→ Work instructions: Give the whole listing again, exactly as written.

== Records ==

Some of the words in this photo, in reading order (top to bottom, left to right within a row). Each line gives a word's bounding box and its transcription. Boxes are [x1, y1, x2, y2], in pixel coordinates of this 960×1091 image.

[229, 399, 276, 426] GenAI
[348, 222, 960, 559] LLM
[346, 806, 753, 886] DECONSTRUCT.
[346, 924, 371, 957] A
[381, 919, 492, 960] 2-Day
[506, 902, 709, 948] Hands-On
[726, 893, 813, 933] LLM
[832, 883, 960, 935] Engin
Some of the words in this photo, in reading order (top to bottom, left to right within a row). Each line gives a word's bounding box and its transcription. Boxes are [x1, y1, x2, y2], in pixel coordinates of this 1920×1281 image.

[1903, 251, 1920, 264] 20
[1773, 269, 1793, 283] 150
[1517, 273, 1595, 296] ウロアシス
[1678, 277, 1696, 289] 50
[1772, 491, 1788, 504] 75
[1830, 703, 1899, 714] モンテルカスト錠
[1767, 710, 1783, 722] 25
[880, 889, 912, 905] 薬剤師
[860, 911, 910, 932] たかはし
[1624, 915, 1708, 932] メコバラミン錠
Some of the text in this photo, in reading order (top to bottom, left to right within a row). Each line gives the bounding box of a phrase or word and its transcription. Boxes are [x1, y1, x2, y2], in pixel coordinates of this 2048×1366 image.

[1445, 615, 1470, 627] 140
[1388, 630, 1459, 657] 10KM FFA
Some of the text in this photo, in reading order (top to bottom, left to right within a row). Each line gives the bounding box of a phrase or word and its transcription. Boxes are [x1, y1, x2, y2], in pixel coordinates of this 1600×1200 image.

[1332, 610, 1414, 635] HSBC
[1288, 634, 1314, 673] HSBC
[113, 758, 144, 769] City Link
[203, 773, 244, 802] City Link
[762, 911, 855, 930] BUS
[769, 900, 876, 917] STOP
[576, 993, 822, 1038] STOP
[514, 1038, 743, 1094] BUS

===

→ Response to this exercise:
Some of the words in this photo, in reading order (top to bottom, left to right within a row). Each line gives a word's bounding box and its transcription. Boxes are [x1, y1, x2, y2], in pixel coordinates of this 960×1091 image.

[229, 399, 276, 426] GenAI
[348, 222, 960, 559] LLM
[346, 806, 753, 886] DECONSTRUCT.
[346, 924, 371, 957] A
[381, 919, 492, 960] 2-Day
[506, 902, 709, 948] Hands-On
[726, 893, 813, 933] LLM
[832, 883, 960, 935] Engin
Some of the words in this photo, in reading order (top to bottom, left to right within a row). Each line gives a word's bounding box and its transcription. Boxes are [x1, y1, x2, y2], in pixel coordinates of this 1920×1281 image.

[1903, 251, 1920, 264] 20
[1773, 269, 1793, 283] 150
[1517, 273, 1595, 296] ウロアシス
[1678, 277, 1696, 289] 50
[1772, 491, 1788, 504] 75
[1830, 703, 1899, 714] モンテルカスト錠
[1767, 710, 1783, 722] 25
[880, 889, 912, 905] 薬剤師
[860, 911, 910, 932] たかはし
[1624, 915, 1708, 932] メコバラミン錠
Some of the text in this photo, in reading order (top to bottom, left to right within a row). Each line gives the bounding box of a phrase or word and its transcription. Boxes are [x1, y1, x2, y2], in pixel coordinates of this 2048×1366 image.

[1445, 615, 1470, 627] 140
[1388, 630, 1459, 657] 10KM FFA
Some of the text in this photo, in reading order (top to bottom, left to right within a row). Each line gives the bounding box of a phrase or word and its transcription. Boxes are [x1, y1, x2, y2], in pixel coordinates of this 1600×1200 image.

[1332, 610, 1414, 635] HSBC
[1288, 634, 1314, 673] HSBC
[113, 758, 144, 769] City Link
[203, 773, 244, 802] City Link
[762, 911, 855, 930] BUS
[769, 900, 876, 917] STOP
[576, 993, 822, 1038] STOP
[514, 1038, 743, 1094] BUS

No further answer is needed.